A VLV series engine is a flat head and a leaking head gasket should not result in an oil leak. 

A bad sump gasket, oil breather gasket, valve cover gasket, or upper crankshaft seal perhaps.

These engines did not experience the leaking dipstick tubes such as were common on many other Tecumseh engines, as these were mounted much higher (above oil level) and on the crankcase rather then the sump.


----------



## JohnnyT (Aug 17, 2014)

Hi,

Thanks for the welcome and thanks to everyone for the help. Sorry for the delay in responding.

I've done a bit of investigating and have removed the covers and the air cleaner body. I've inspected the head and there are no leaks from the gasket. The problem is that the breather tube has split. This tube runs from the air cleaner body up to the engine head. It's connected somewhere under the flywheel. The oil seems to be leaking from the split and is kind of "flowing" around the engine. Hence the source of the leak.

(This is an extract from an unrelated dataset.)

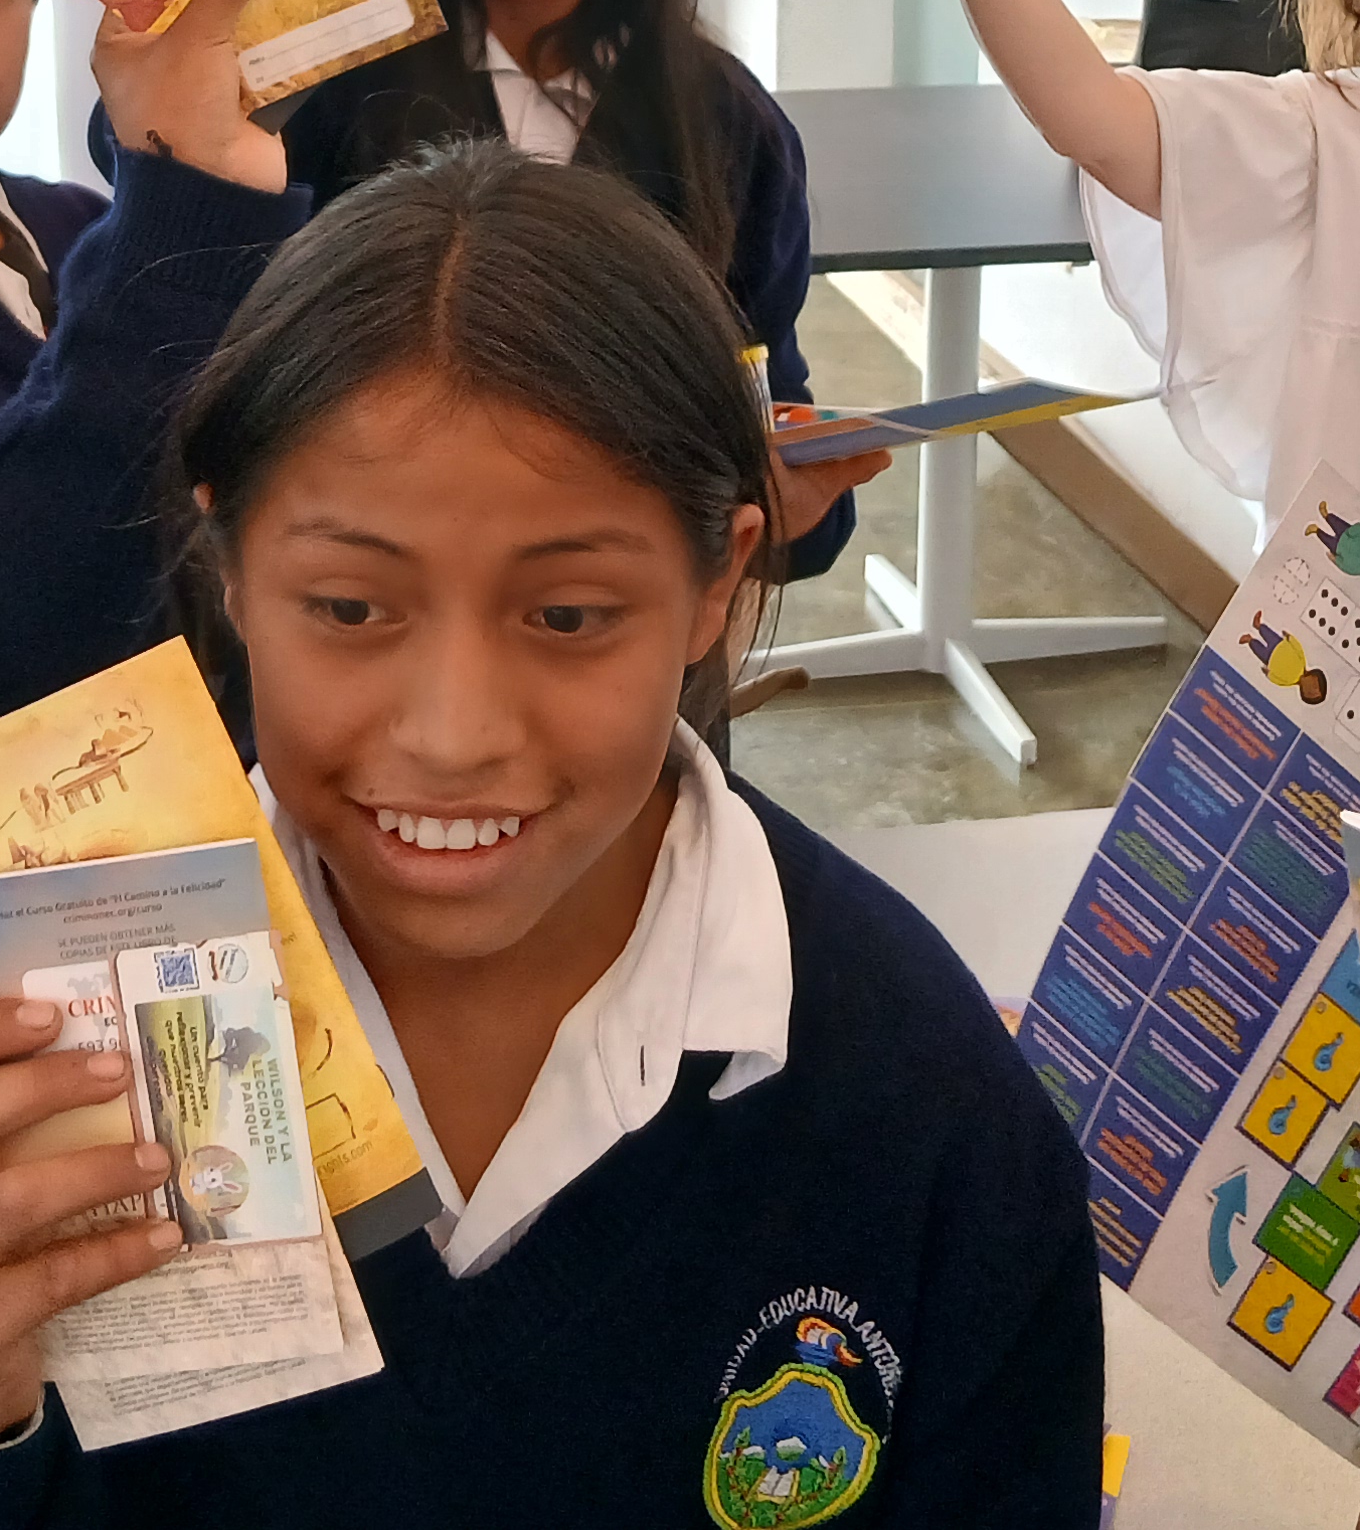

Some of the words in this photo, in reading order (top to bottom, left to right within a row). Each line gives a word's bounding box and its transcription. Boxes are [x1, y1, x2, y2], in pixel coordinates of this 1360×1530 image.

It looks as though the end of the tube connected to the engine is difficult to get at without removing the top casing and flywheel assembly. Does anyone know if there is an easy way to replace this tube or do I really have to take the flywheel assembly apart?


UPDATE

Okay, fixed the split breather hose. The problem is still there, but slightly different. What I'm seeing now is what looks like emulsified oil on the side of the engine opposite the breather - so the same same side as the oil fill tube. Removed fuel tank and it's NOT the oil fill tube leaking. Seems to be coming more towards the front of the engine, up above the muffler.

Could this be a blocked breather? Does the flywheel assembly have to come off to inspect the breather? (I don't have a flywheel puller or wrench)


----------



## 30yearTech (Sep 14, 2006)

unfortunately on this model engine, Yes the flywheel needs to come off to inspect and service the oil breather.


----------



## JohnnyT (Aug 17, 2014)

Thanks very much for all the help. Looks like this might not be a DI.

Do you think it might be a blocked breather in the engine? Do the symptoms seem to fit?




30yearTech said:


> unfortunately on this model engine, Yes the flywheel needs to come off to inspect and service the oil breather.


----------



## geogrubb (Jul 28, 2006)

JohnnyT said:


> Thanks very much for all the help. Looks like this might not be a DI.
> 
> Do you think it might be a blocked breather in the engine? Do the symptoms seem to fit?


Just remove the flywheel and fix it, refer to the manual in a previous post by umcgrunt, any problems you have can be solved by someone on the forum. Have a good one. Geo


----------



## 30yearTech (Sep 14, 2006)

JohnnyT said:


> Thanks very much for all the help. Looks like this might not be a DI.
> 
> Do you think it might be a blocked breather in the engine? Do the symptoms seem to fit?


It could be, I however find it rare for them to be clogged. The cover may have gotten loose and the gasket could be leaking, or it could be the top crankshaft seal. You can use a steering wheel puller to remove the flywheel on this engine.


----------



## JohnnyT (Aug 17, 2014)

A very delayed update on this as I didn't have much time during the season to tackle this problem further. I started to winterise all my tools and managed to make time for the Tecumseh.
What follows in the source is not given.